Thursday, October 22, 2009

The intellectual class in Britain - Bought and paid for

I was having a conversation with a friend of this site, yesterday, and the subject came up of the English intellectual class and its sheer apathy and supinity.

What exactly is wrong with them all?

From Thomas Becket through to Lord Acton, via Shakespeare and Cobden and Bright, the star of influence of England's intellectuals has sometimes shone very brightly, usually coinciding with an overall expansion in human freedom. But now, the historical quality of these people is a dying ember in a cold fire of docile passivity.

This is despite more people in England now perhaps claiming to be 'intellectuals' than have ever claimed this dubious title before.

Yes, there are exceptions, such as heroic Dr Sean Gabb, and the two Libertarian Alliances. However, where is the opposition to the state and its horrific power grabs in the last one hundred years, particularly in the last couple of years?

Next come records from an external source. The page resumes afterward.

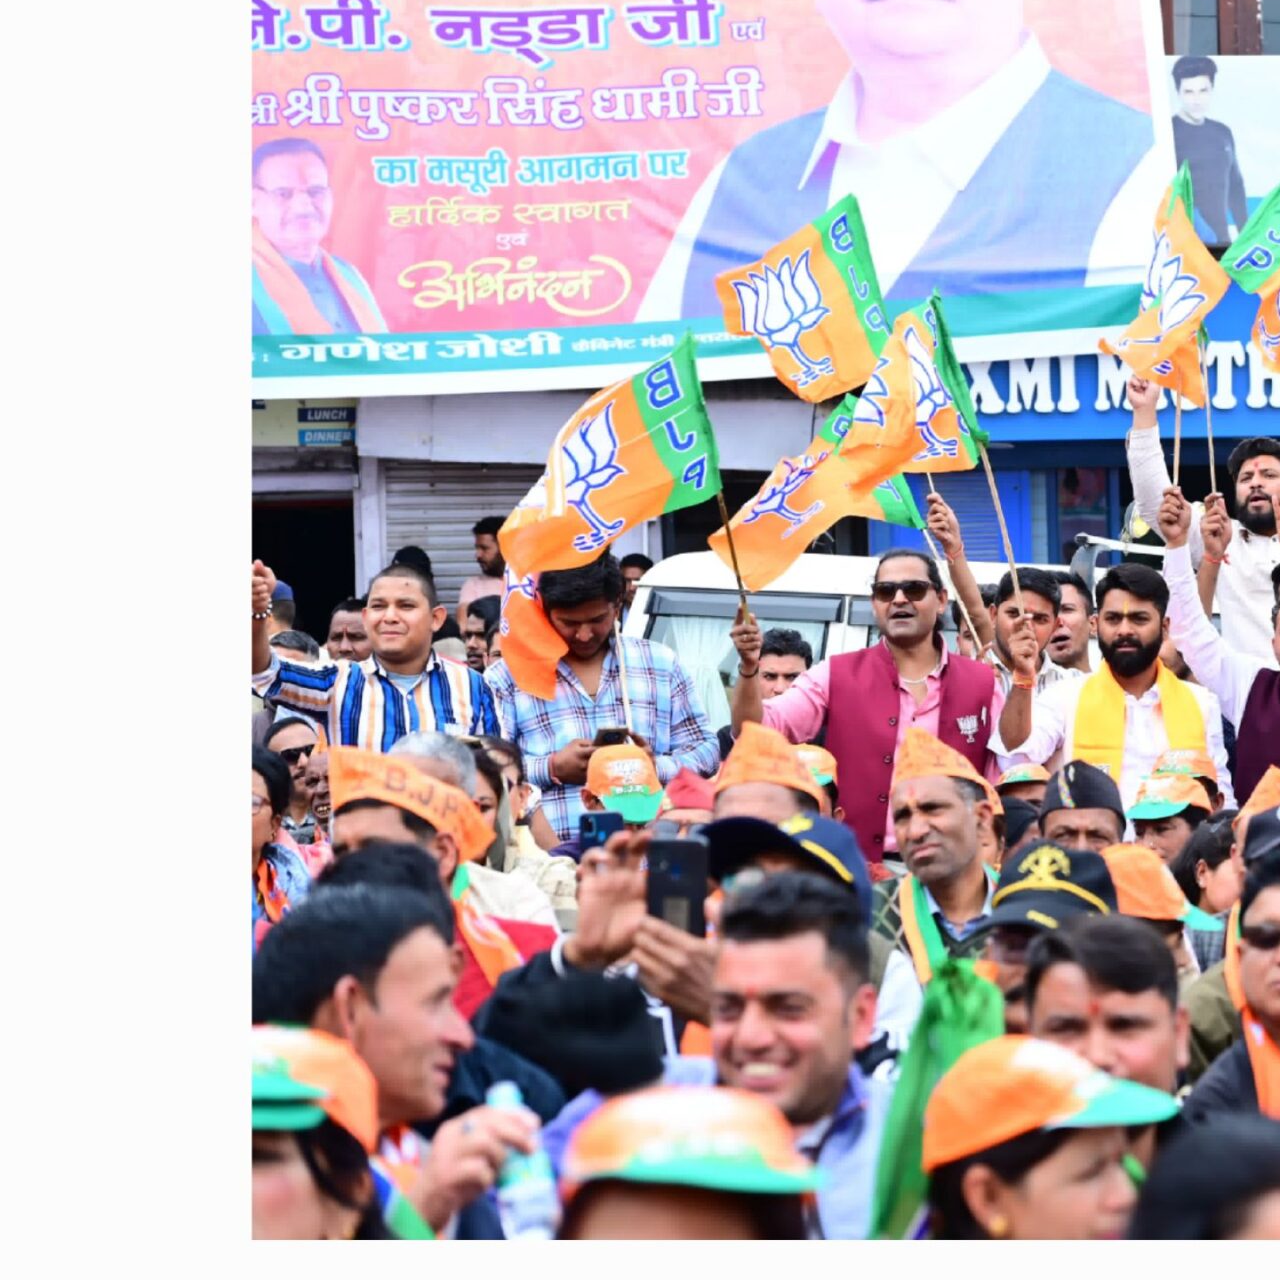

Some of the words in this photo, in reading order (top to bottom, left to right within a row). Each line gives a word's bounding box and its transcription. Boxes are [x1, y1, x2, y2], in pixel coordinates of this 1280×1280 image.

[282, 72, 344, 127] श्री
[347, 89, 481, 140] पुष्कर
[482, 76, 585, 131] सिंह
[591, 67, 700, 121] धामी
[702, 66, 765, 117] जी
[373, 157, 418, 185] का
[426, 149, 508, 194] मसूरी
[517, 152, 639, 185] आगमन
[647, 150, 690, 178] पर
[387, 196, 503, 227] हार्दिक
[513, 199, 632, 225] स्वागत
[397, 255, 632, 317] अभिनंदन
[279, 336, 429, 363] गणेश
[434, 330, 563, 359] जोशी
[966, 354, 1080, 415] XMI
[307, 409, 348, 421] LUNCH
[304, 431, 353, 443] DINNER
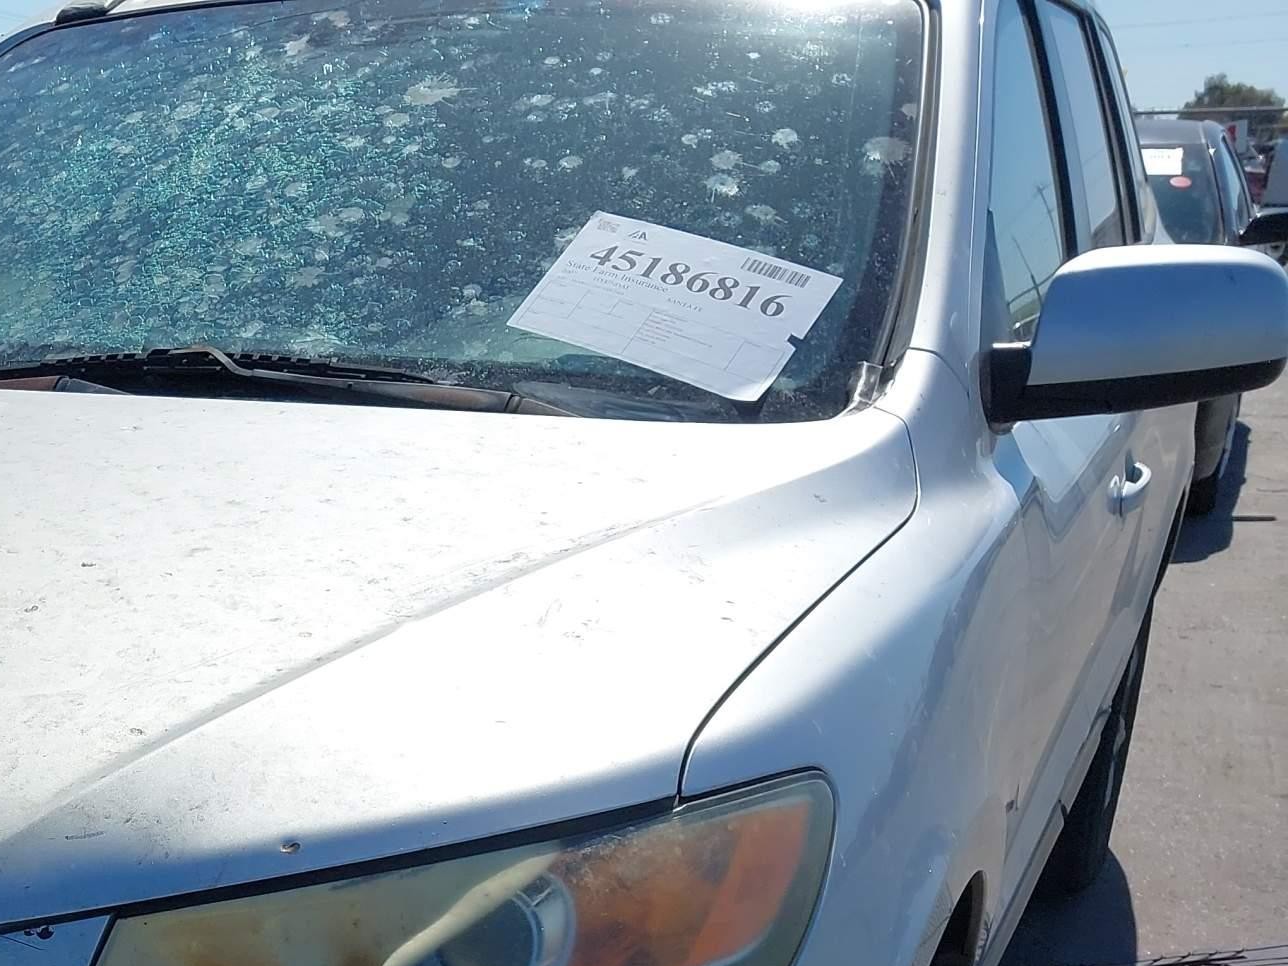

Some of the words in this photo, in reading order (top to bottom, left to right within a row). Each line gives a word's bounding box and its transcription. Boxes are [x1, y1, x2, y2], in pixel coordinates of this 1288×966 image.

[567, 259, 592, 272] State
[593, 263, 618, 279] Farm
[621, 274, 669, 293] Insurance
[590, 245, 793, 317] 45186816

Where is the opposition to the state in the universities, in the media, in politics, and in every other nest of comfortable sinecured 'intellectualism'? To ask the question, obviously, is to know the answer.

Because virtually all of England's intellectuals are now bought and paid for.

The state has stolen its shilling from the working people and then handed this shilling over to the 'intellectual classes' via their jobs in its subsidised universities, in its licensed media, and particularly within its tame poodles at the BBC. It has bought their subservience and their support with a guaranteed daily dog bowl of stolen pensioned sustenance.

Perhaps their patron saint is the rotten professional northerner Melvyn Bragg, who has become a millionaire many times over through his unparalleled ability to wag his tail and lick the hands of his political masters?

The 'intellectuals' of England are bought and paid for. Just like camp dogs.

I have only one thing to say to all of these pathetic rent-paid-for Rovers, Fidos, and other assorted lap dogs.

Woof!

1 comment:

Paul said...

They indeed are pusillanimous. (I was just looking for opportunity to use that word).